**EXERCISE MATERIALS:**
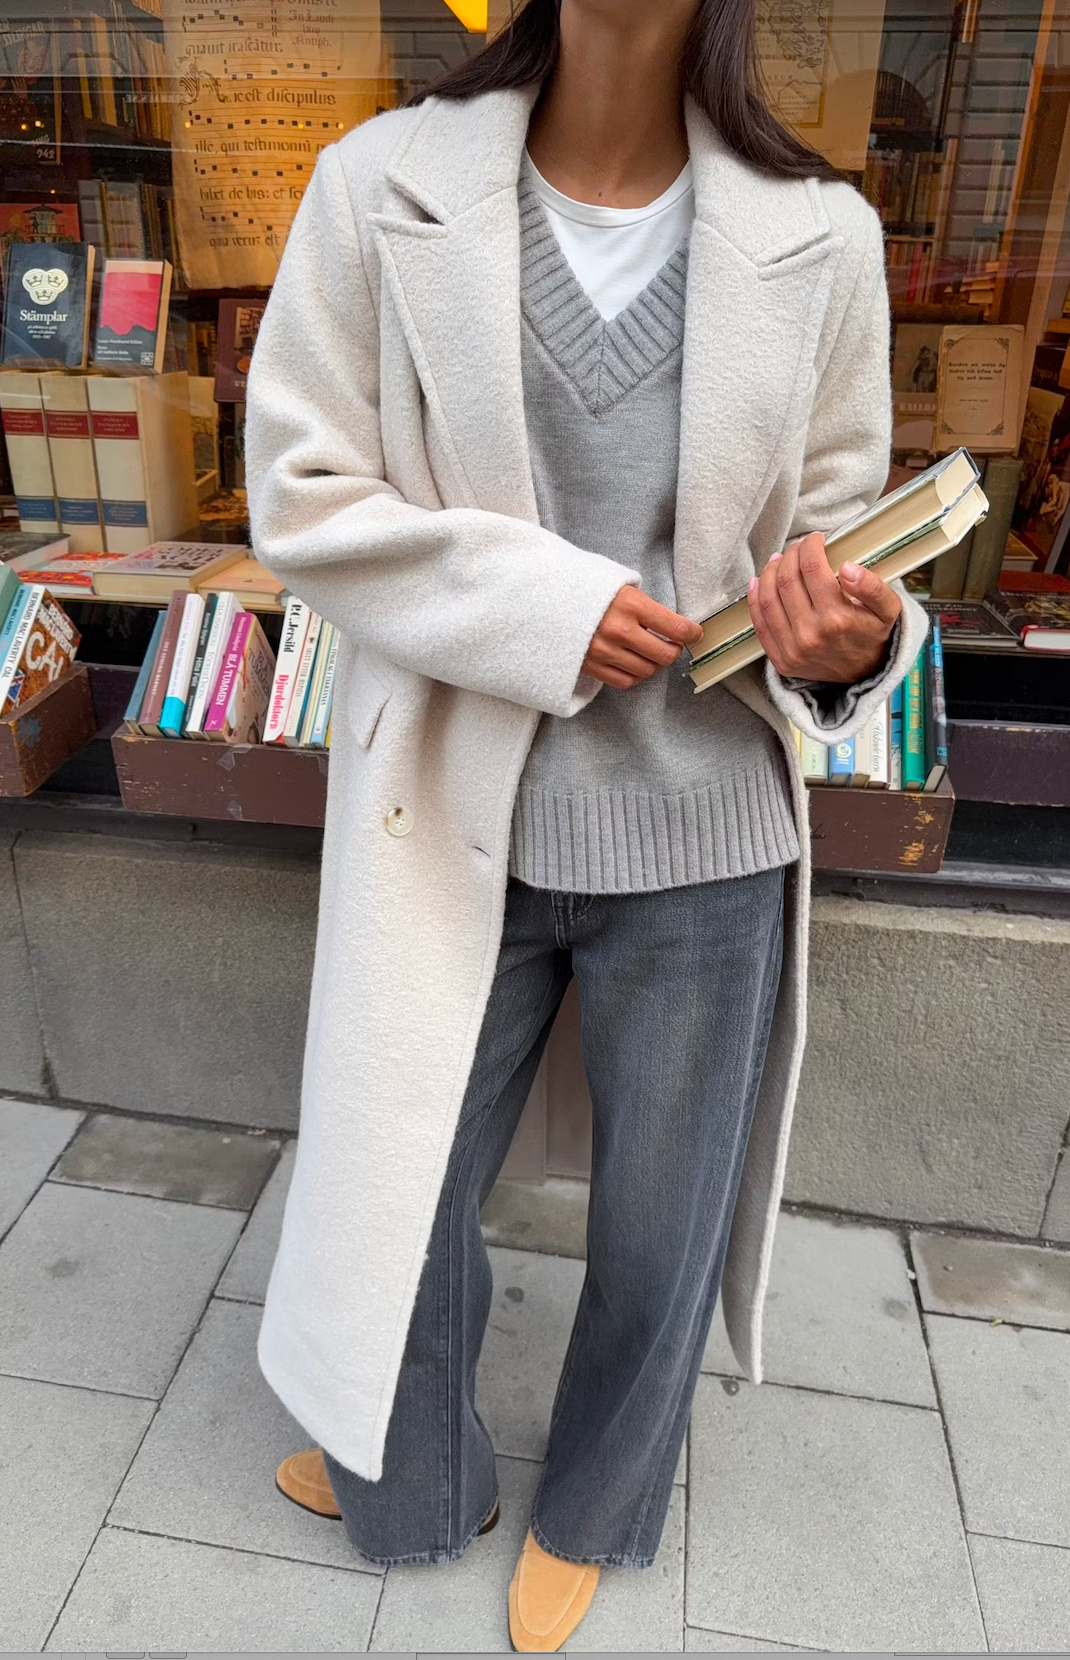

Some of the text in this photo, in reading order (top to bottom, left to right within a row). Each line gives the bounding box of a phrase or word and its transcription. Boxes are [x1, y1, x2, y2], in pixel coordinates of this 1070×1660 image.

[20, 309, 68, 325] Stämplar
[23, 592, 39, 621] BERNARD
[2, 666, 12, 678] CAL
[225, 653, 237, 670] BLÅ
[215, 669, 233, 706] TUMMEN
[269, 674, 289, 729] Djurdoktorn
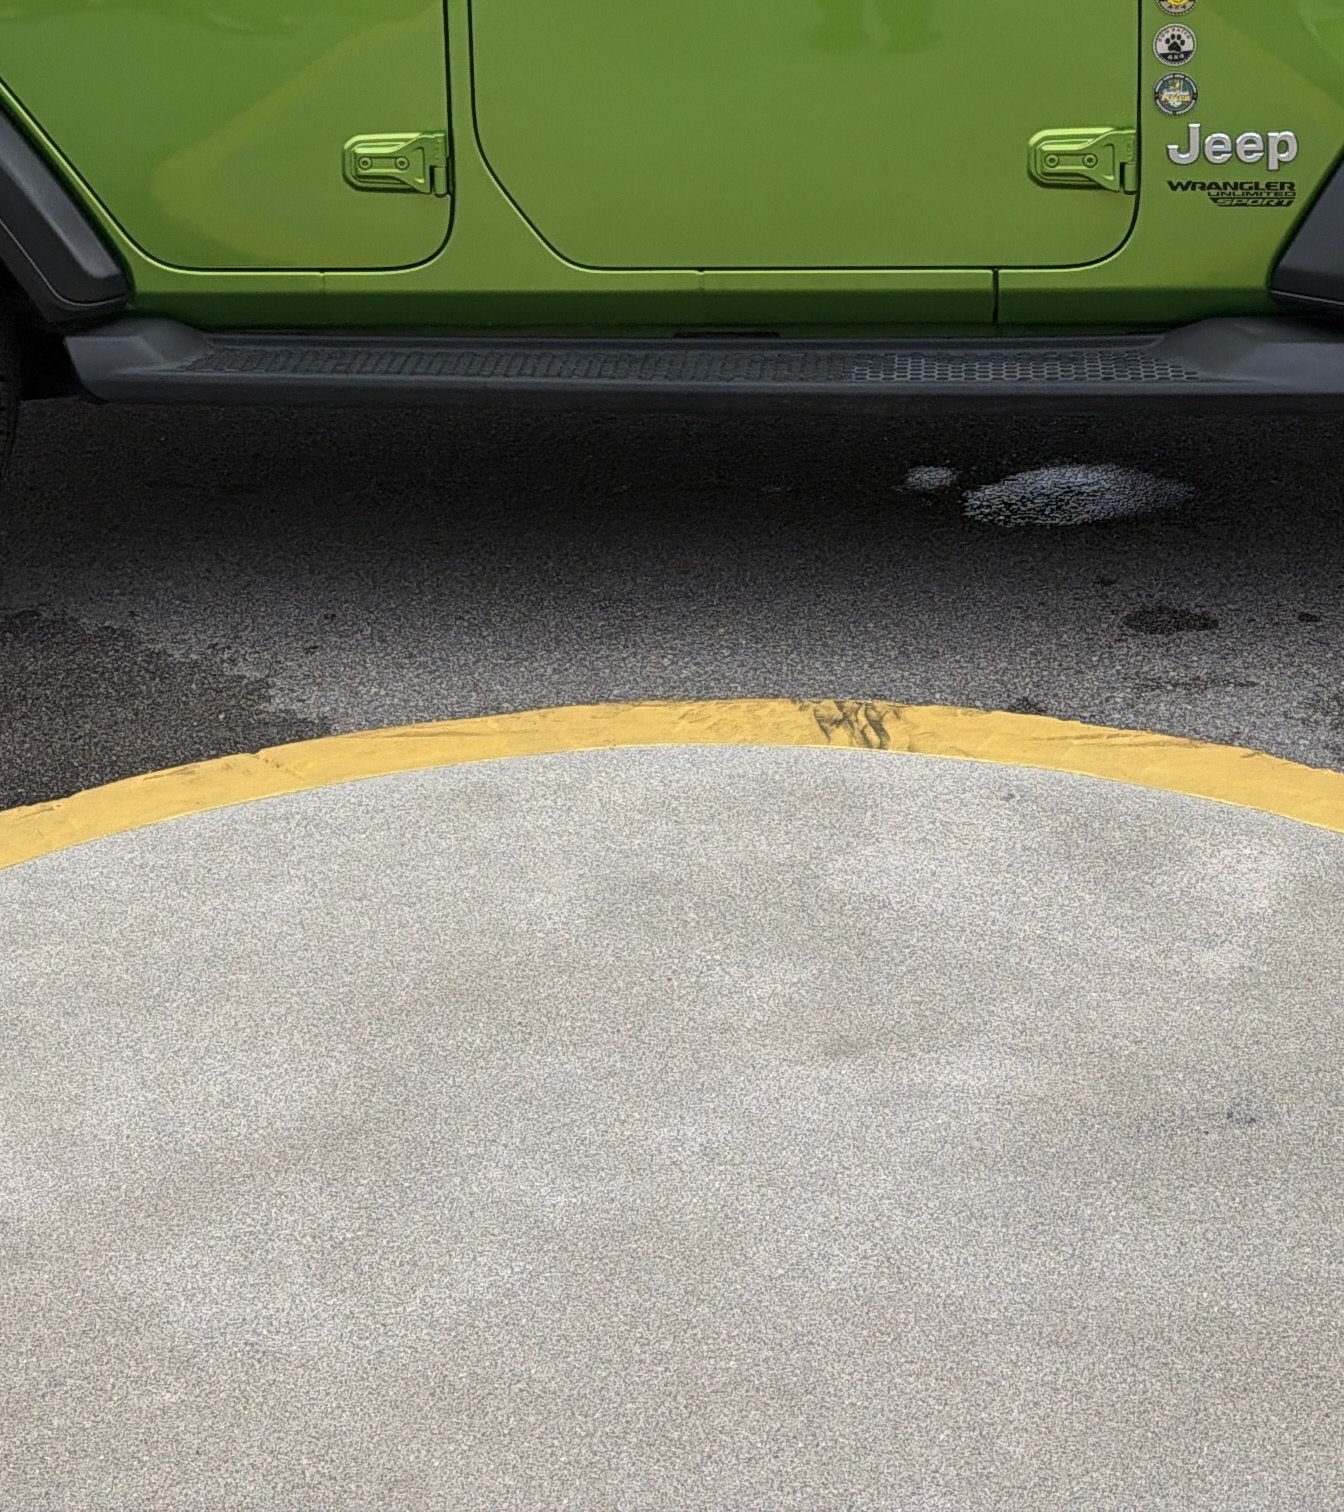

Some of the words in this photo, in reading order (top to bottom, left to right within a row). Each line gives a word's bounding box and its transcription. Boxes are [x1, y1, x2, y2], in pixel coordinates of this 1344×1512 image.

[1167, 123, 1297, 170] Jeep
[1167, 180, 1296, 191] WRANGLER
[1217, 198, 1294, 206] SPORT

**YOUR GOAL:** Could you repeat all of the entries exactly, without any of the images?

**ANSWER SECTION:**
Some of the text in this photo, in reading order (top to bottom, left to right within a row). Each line gives the bounding box of a phrase or word and its transcription. Boxes are [x1, y1, x2, y2], in pixel coordinates of this 1070×1660 image.

[20, 309, 68, 325] Stämplar
[23, 592, 39, 621] BERNARD
[2, 666, 12, 678] CAL
[225, 653, 237, 670] BLÅ
[215, 669, 233, 706] TUMMEN
[269, 674, 289, 729] Djurdoktorn

Some of the words in this photo, in reading order (top to bottom, left to right within a row). Each line gives a word's bounding box and its transcription. Boxes are [x1, y1, x2, y2], in pixel coordinates of this 1344×1512 image.

[1167, 123, 1297, 170] Jeep
[1167, 180, 1296, 191] WRANGLER
[1217, 198, 1294, 206] SPORT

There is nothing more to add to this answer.